Azure Content Safety is a content moderation service developed by Microsoft that help users detect harmful content from different modalities and languages. This tool is a wrapper for the Azure Content Safety Text API, which allows you to detect text content and get moderation results. See the Azure Content Safety for more information.

Requirements#

For AzureML users, the tool is installed in default image, you can use the tool without extra installation.
For local users, pip install promptflow-tools

[!NOTE] Content Safety (Text) tool is now incorporated into the latest promptflow-tools package. If you have previously installed the package promptflow-contentsafety, please uninstall it to avoid the duplication in your local tool list.

Prerequisites#

Create an Azure Content Safety resource.
Add “Azure Content Safety” connection in prompt flow. Fill “API key” field with “Primary key” from “Keys and Endpoint” section of created resource.

Inputs#

You can use the following parameters as inputs for this tool:

Name	Type	Description	Required
text	string	The text that need to be moderated.	Yes
hate_category	string	The moderation sensitivity for Hate category. You can choose from four options: disable, low_sensitivity, medium_sensitivity, or high_sensitivity.

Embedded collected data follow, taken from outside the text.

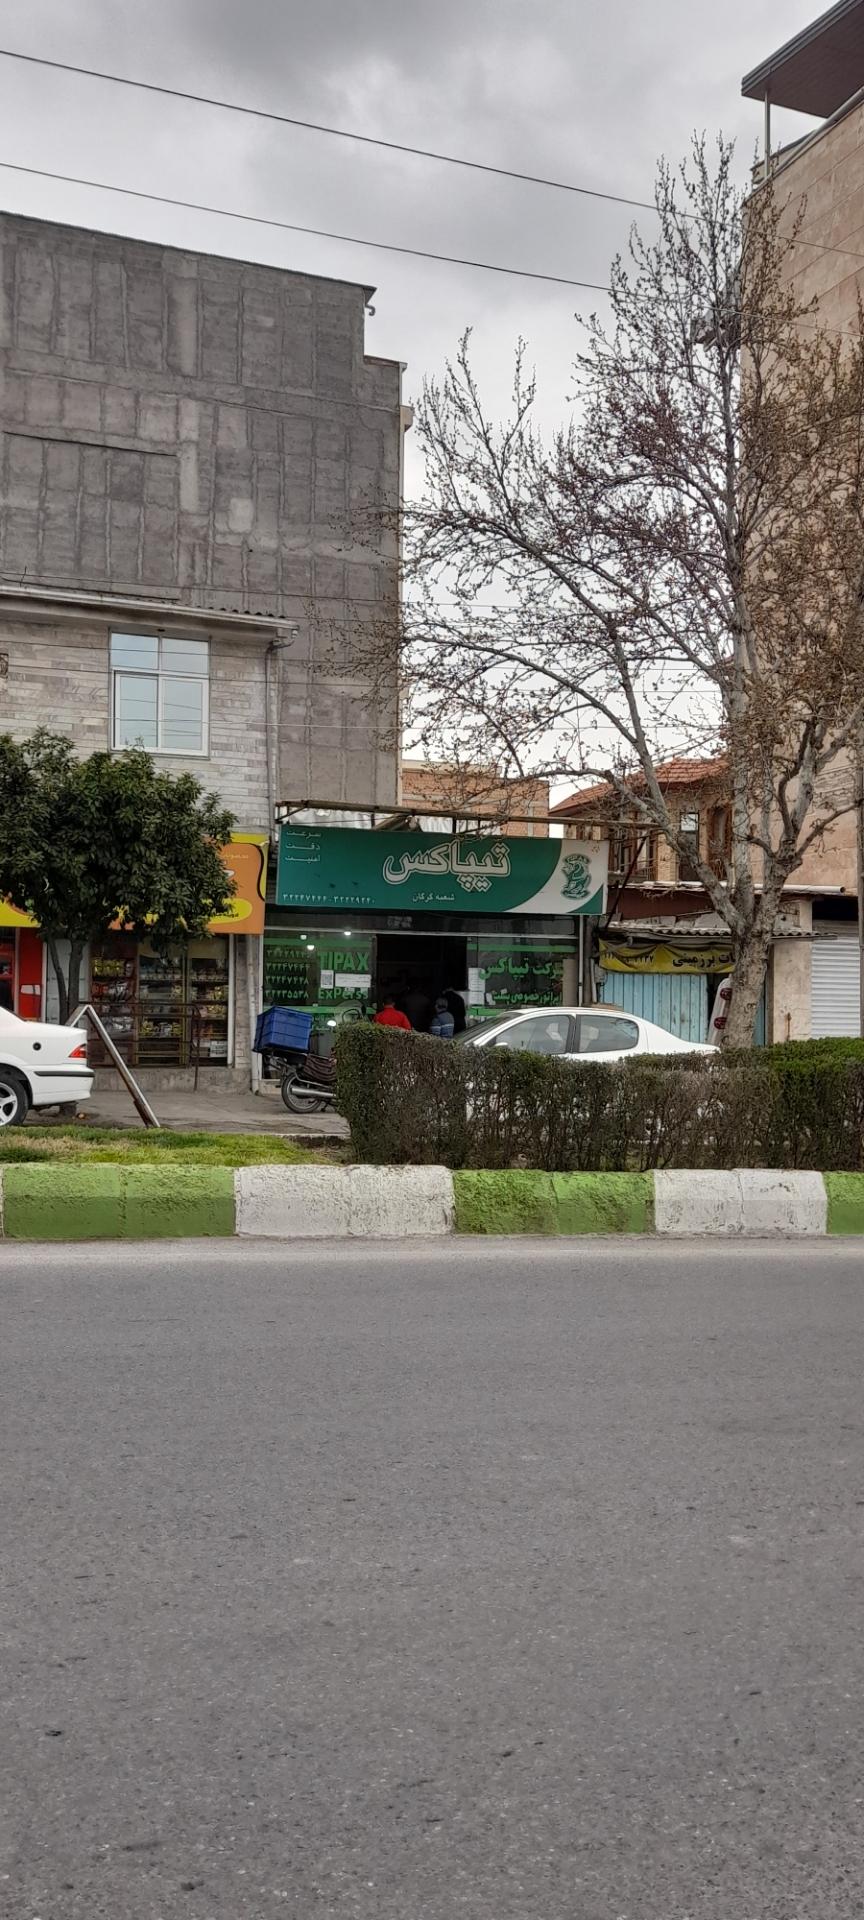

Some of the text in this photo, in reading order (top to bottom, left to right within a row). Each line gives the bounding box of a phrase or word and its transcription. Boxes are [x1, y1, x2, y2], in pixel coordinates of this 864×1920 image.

[382, 839, 510, 892] تیپاکس
[435, 892, 455, 901] شعبه
[318, 951, 369, 971] TIPAX
[479, 957, 530, 981] تیپاکس
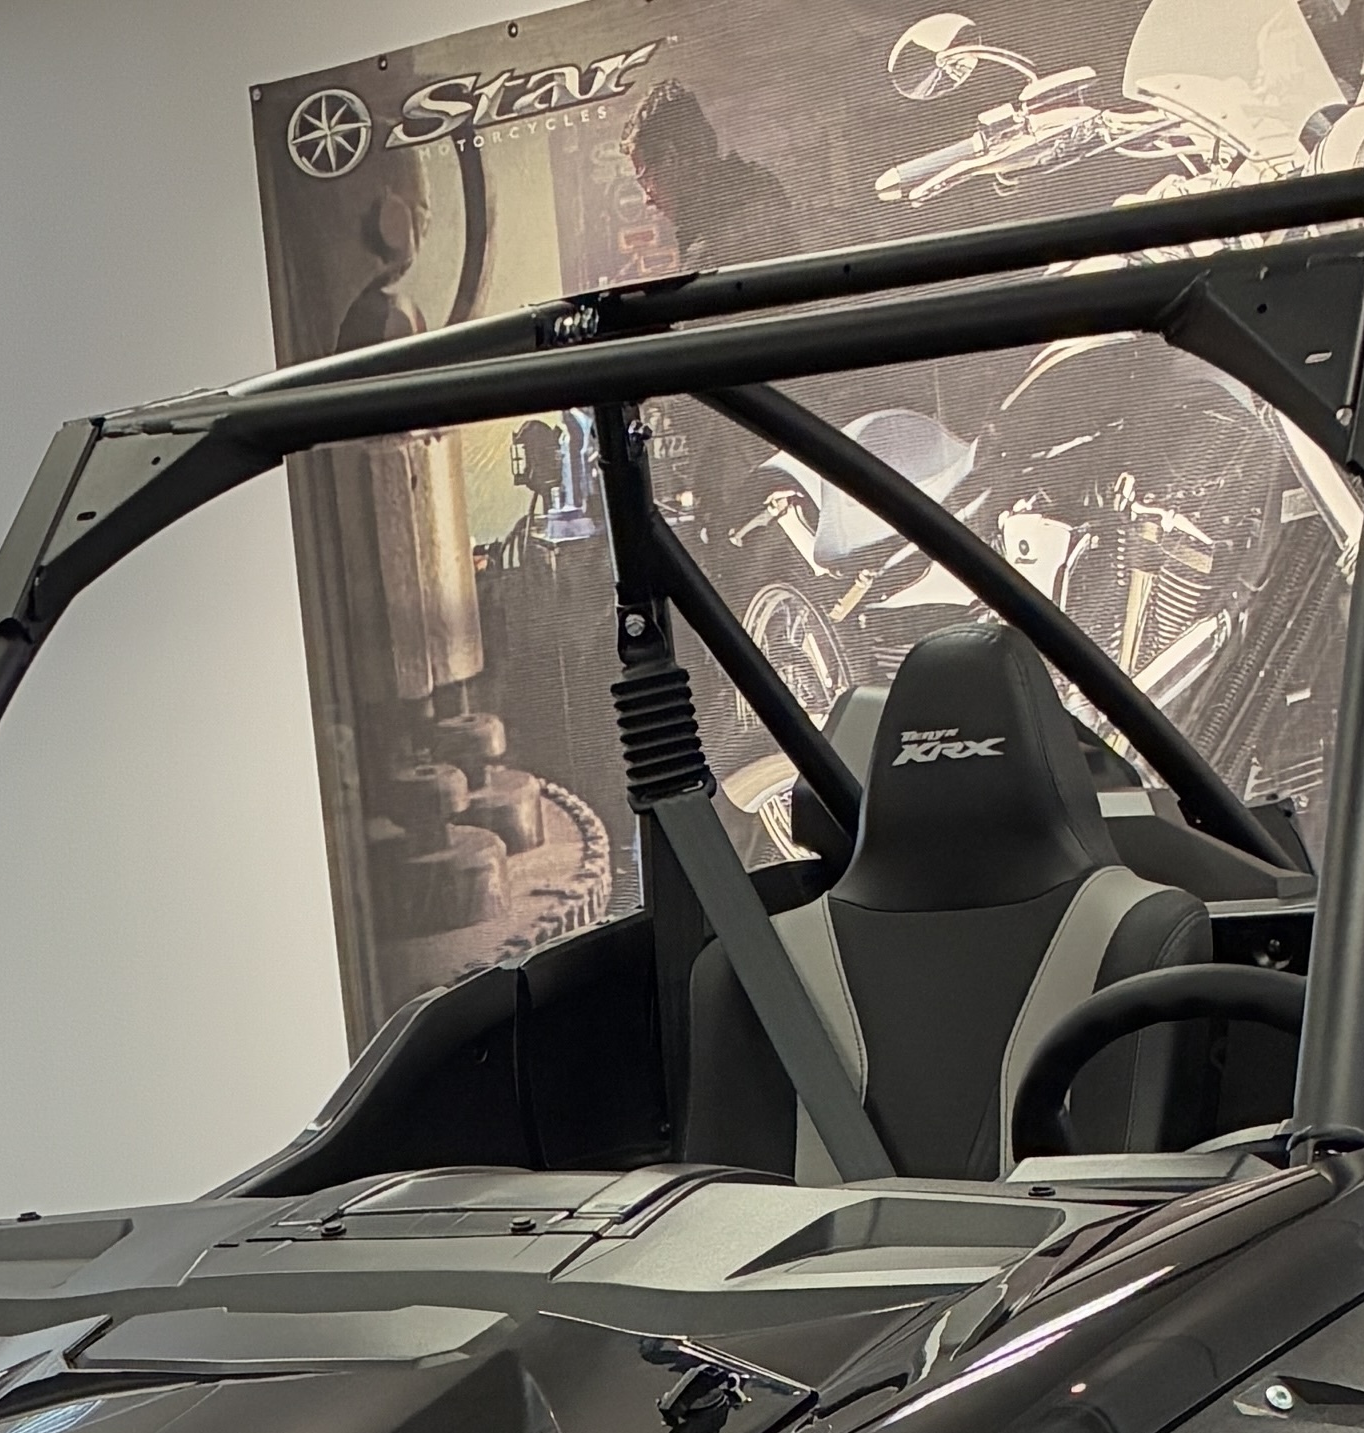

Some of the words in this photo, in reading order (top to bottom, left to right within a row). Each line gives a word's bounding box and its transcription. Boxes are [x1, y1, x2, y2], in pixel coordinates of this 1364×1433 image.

[385, 39, 663, 148] Star
[418, 106, 608, 158] MOTORCYCLES
[892, 737, 1006, 766] KRX

The disable option means no moderation for hate category. The other three options mean different degrees of strictness in filtering out hate content. The default option is medium_sensitivity.	Yes
sexual_category	string	The moderation sensitivity for Sexual category. You can choose from four options: disable, low_sensitivity, medium_sensitivity, or high_sensitivity. The disable option means no moderation for sexual category. The other three options mean different degrees of strictness in filtering out sexual content. The default option is medium_sensitivity.	Yes
self_harm_category	string	The moderation sensitivity for Self-harm category. You can choose from four options: disable, low_sensitivity, medium_sensitivity, or high_sensitivity. The disable option means no moderation for self-harm category. The other three options mean different degrees of strictness in filtering out self_harm content. The default option is medium_sensitivity.	Yes
violence_category	string	The moderation sensitivity for Violence category. You can choose from four options: disable, low_sensitivity, medium_sensitivity, or high_sensitivity. The disable option means no moderation for violence category. The other three options mean different degrees of strictness in filtering out violence content. The default option is medium_sensitivity.	Yes

For more information, please refer to Azure Content Safety

Outputs#

The following is an example JSON format response returned by the tool:

Output

{
    "action_by_category": {
      "Hate": "Accept",
      "SelfHarm": "Accept",
      "Sexual": "Accept",
      "Violence": "Accept"
    },
    "suggested_action": "Accept"
  }

The action_by_category field gives you a binary value for each category: Accept or Reject. This value shows if the text meets the sensitivity level that you set in the request parameters for that category.

The suggested_action field gives you an overall recommendation based on the four categories. If any category has a Reject value, the suggested_action will be Reject as well.